E in questi ultimi quarant’anni siamo
stati catturati dal fascino del nuovo e dal feticismo
per il nuovo (nuove tecnologie, nuove forme di
lavoro, nuova economia, i social invece del sociale…), anche
quando in realtà erano solo una fase solo apparentemente nuova di
qualcosa che è vecchio: il capitalismo, il taylorismo anche
se oggi diventato nuovo affiancandoci l’aggettivo di
digitale, pur restando vecchio nella sua essenza;
Amazon che è il vecchio Postal Market con un algoritmo; lo
smart/home-working che è il vecchio lavoro a domicilio, ma con il
pc; il lavoro in rete che è l’estensione del pluslavoro marxiano.

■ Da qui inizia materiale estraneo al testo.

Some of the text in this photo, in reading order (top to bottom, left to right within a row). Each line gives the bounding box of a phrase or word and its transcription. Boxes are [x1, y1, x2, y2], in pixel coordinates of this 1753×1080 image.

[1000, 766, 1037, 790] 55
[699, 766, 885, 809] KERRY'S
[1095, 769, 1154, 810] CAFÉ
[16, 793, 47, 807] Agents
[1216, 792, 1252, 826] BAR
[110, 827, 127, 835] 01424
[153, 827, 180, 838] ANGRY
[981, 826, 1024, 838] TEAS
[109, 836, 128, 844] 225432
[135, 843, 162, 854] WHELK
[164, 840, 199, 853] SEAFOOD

Siamo stati affascinati e quindi catturati da una realtà
virtuale e da una realtà artificiale che poteva addirittura essere
aumentata a piacimento grazie alla tecnica, mentre negli
stessi anni - nonostante molte cose buone fatte - abbiamo prodotto
soprattutto una realtà naturale sempre più diminuita (nel
senso di ulteriormente compromessa) che sfocia ora appunto nella
crisi climatica e in quella ambientale.
E ci siamo anche dimenticati,
conseguentemente, di pensare al futuro e di essere
responsabili verso il futuro e le prossime generazioni (e le
prossime generazioni non sono qualcosa di astratto e lontano, ma sono
i nostri figli e nipoti): tutti presi da una istantaneità e da
una accelerazione dei tempi ciclo di lavoro - ma anche del
dover vivere - funzionale solo al funzionamento del
sistema capitalistico, però del tutto disfunzionale rispetto
all’equilibrio naturale. Incapaci di pensare a una economia diversa
e a una tecnica diversa (ad esempio una neotecnica, come
scriveva Nebbia richiamandosi a Lewis Mumford).

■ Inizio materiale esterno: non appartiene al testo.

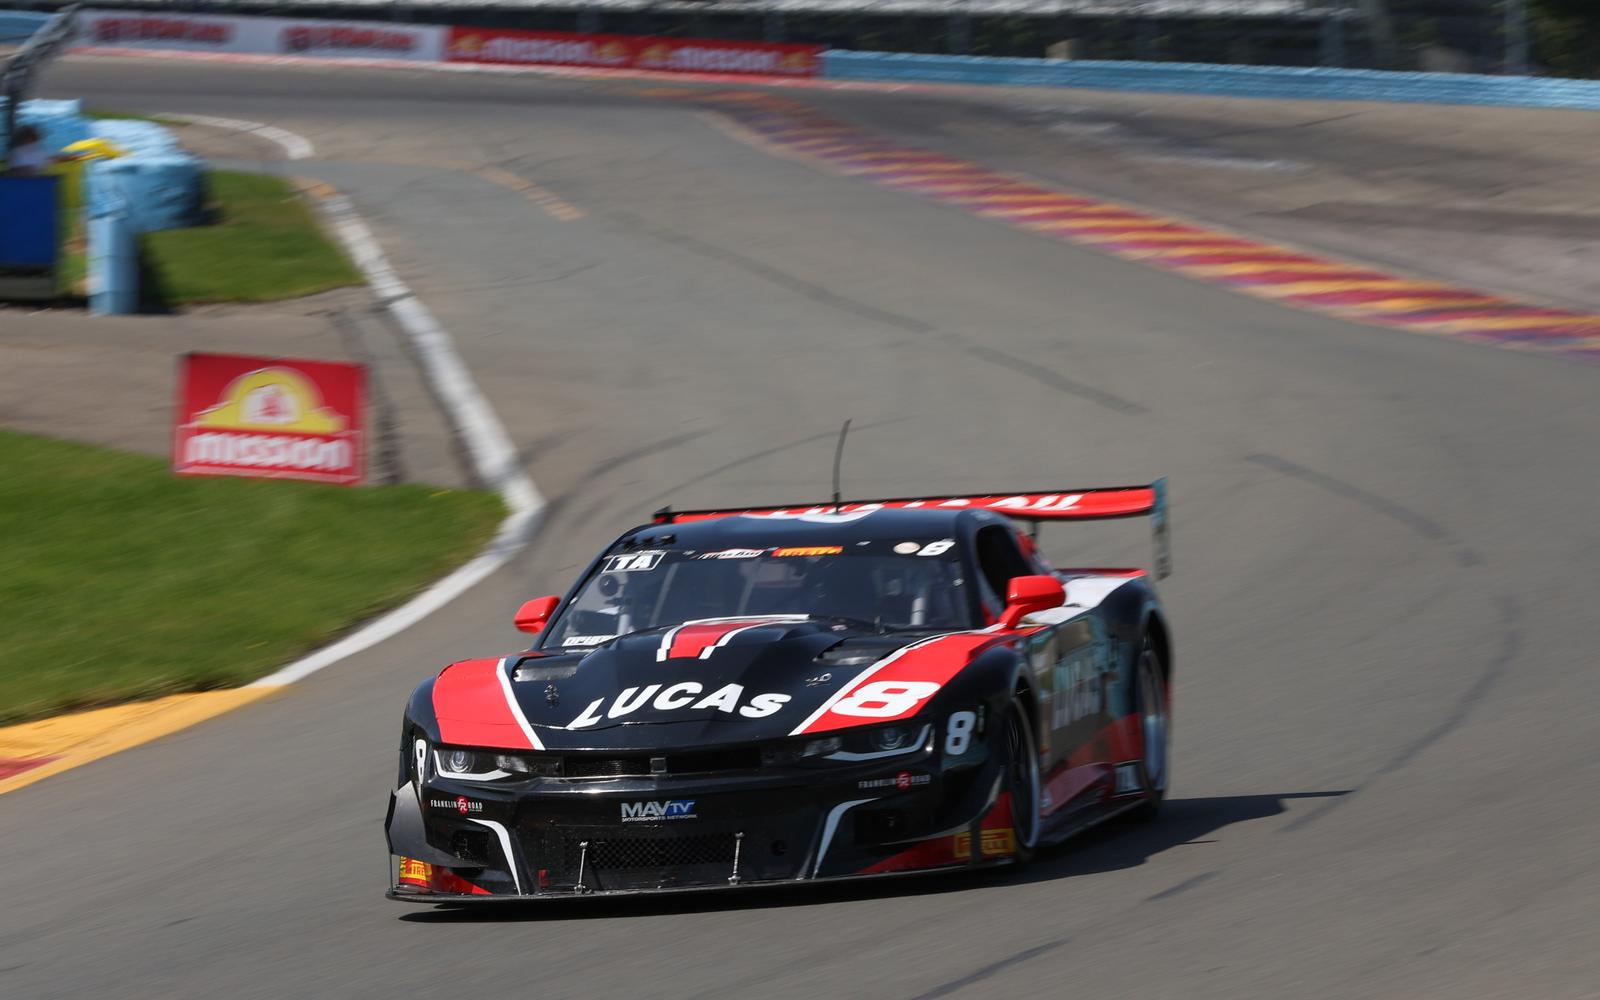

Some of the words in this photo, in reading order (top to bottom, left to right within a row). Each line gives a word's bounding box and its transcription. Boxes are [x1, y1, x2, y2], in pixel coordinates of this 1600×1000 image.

[915, 540, 956, 557] 8
[613, 554, 653, 572] TA
[566, 681, 792, 730] LUCAS
[830, 680, 941, 718] 8
[945, 710, 976, 756] 8
[430, 799, 458, 809] FRANKLIN
[467, 801, 483, 810] ROAD
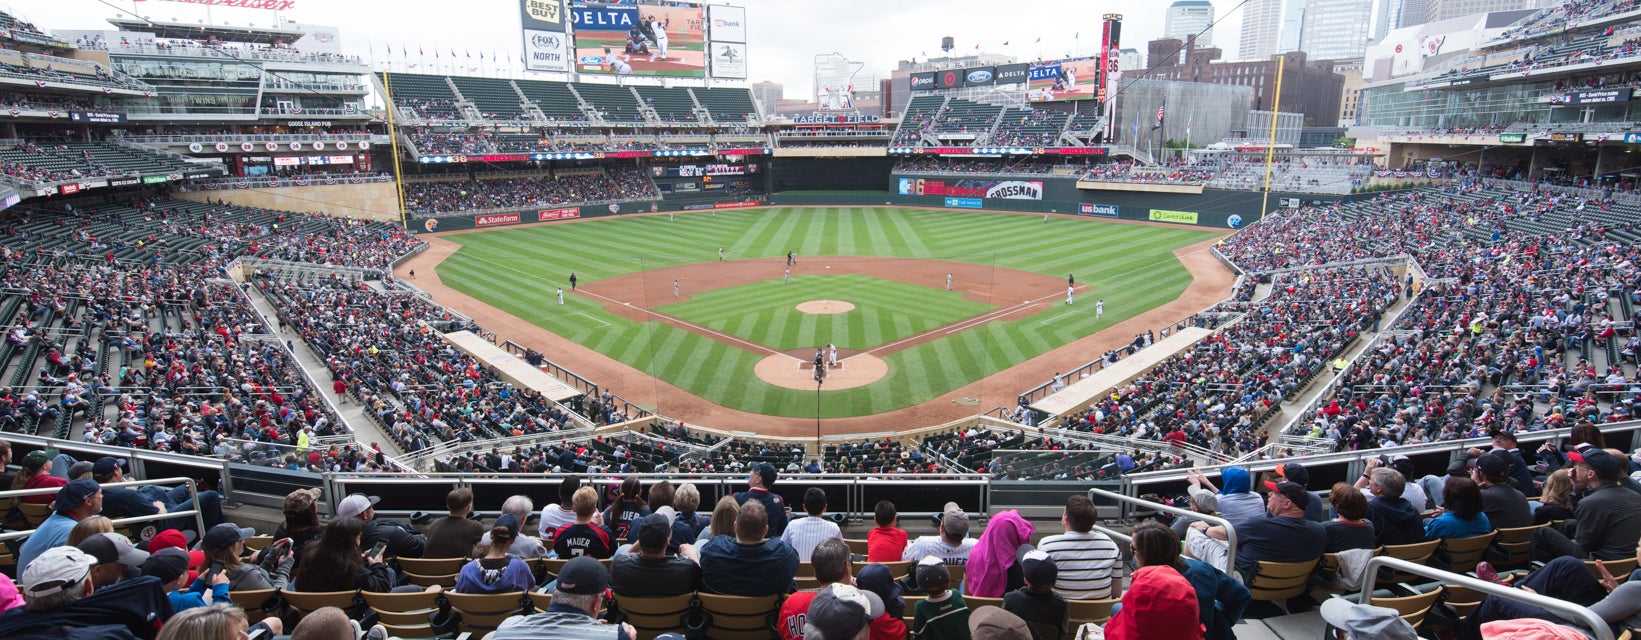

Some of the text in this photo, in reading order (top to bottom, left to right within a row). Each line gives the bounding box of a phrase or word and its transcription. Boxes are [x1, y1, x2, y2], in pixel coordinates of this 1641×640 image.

[530, 0, 559, 12] BEST
[531, 8, 557, 18] BUY
[537, 36, 554, 45] FOX
[534, 52, 560, 62] NORTH
[1108, 59, 1118, 72] 36
[918, 76, 934, 84] pepsi
[906, 178, 925, 195] 36
[990, 185, 1038, 199] GROSSMAN
[1082, 204, 1116, 215] usbank
[616, 522, 630, 538] 7
[566, 536, 591, 548] MAUER

Affascinati da una innovazione
tecnologica e delle merci che però non controlliamo, ma alla quale
il sistema ci impone di adattarci incessantemente. Ma
adattarsi a qualcosa che non si controlla a monte,
prima che dispieghi i suoi effetti a valle è la negazione
dell’umano, della libertà, dell’individualità/soggettività,
dell’autonomia, della responsabilità. Della democrazia. Significa
passività e non responsabilità. Significa diventare oggetti
dell’innovazione e del sistema delle merci, rinunciando ad esserne
i soggetti. Significa essere alienati da se stessi quanto più
si viene sussunti e quanto più ci identifichiamo/integriamo
con il sistema capitalistico.
Non solo. Il sistema - questo
sistema; e il sottotitolo al libro è esplicito e ben definisce
il ruolo e il pensiero di Nebbia: Per una critica ecologica al
capitalismo (ripreso da un suo precedente libro del 2002) -
questo sistema produce violenza. Verso gli uomini e verso
l’ambiente. Scriveva Nebbia: “La violenza all’ambiente deriva
dalle scelte sbagliate che vengono fatte nelle materie prime, nei
processi produttivi, nella qualità dei manufatti, nell’uso del
territorio. Errori non occasionali - si badi bene - ma motivati dalle
‘regole’ della società capitalistica che impone di estrarre
sempre di più risorse, di sfruttare sempre di più la natura, di
sbarazzarsi dei rifiuti al minimo costo possibile. Una società che
misura tutto solo in ‘unità monetarie’ ma nei cui calcoli non
entrano i beni che non hanno prezzo: la salute, l’aria e l’acqua
pulita, la bellezza”.
E aggiungeva, nel 1983 e parlando del
movimento ambientalista di allora: “Ma insieme all’analisi delle
forme e delle cause della violenza contro la natura, e
pertanto contro l’uomo, violenza pagata più cara dalle classi
più deboli anche quando queste stesse classi non lo sanno,
il movimento ecologico ha elaborato una serie di
proposte, indica un progetto di cambiamento, un suo progetto Ambiente
2000; e comincia col mettere in discussione un tipo
di industrialismo basato soltanto
sulla crescita della quantità di
merci prodotte senza chiedersi a che cosa e per chi servano;
senza chiedersi quali effetti tali merci hanno sul
territorio. Un modello di industrialismo da cui si
lascia tentare ancora una parte della sinistra italiana. Il compagno
Berlinguer su Rinascita, un paio d’anni fa, scriveva
[invece] che è tempo di chiedersi che cosa occorre produrre
e come e dove nel territorio. Ebbene, il movimento
ecologista propone proprio un progetto di cambiamento che
parte da fatti concreti, materiali, naturali, e prevede una diversa
progettazione delle città e dei trasporti, reali cambiamenti nella
produzione e nel consumo dell’energia, la valorizzazione dei beni
culturali (testimonianze delle radici della nostra storia e
attrattive per il turismo), la lotta contro il diboscamento, le frane
e le alluvioni. Il progetto verde chiede nuove leggi,
dall’urbanistica ai consumi, dal recupero delle zone interne alla
difesa del verde e della fauna, dalla lotta contro l’inquinamento
alla sicurezza nella fabbrica, all’uso delle sostanze pericolose.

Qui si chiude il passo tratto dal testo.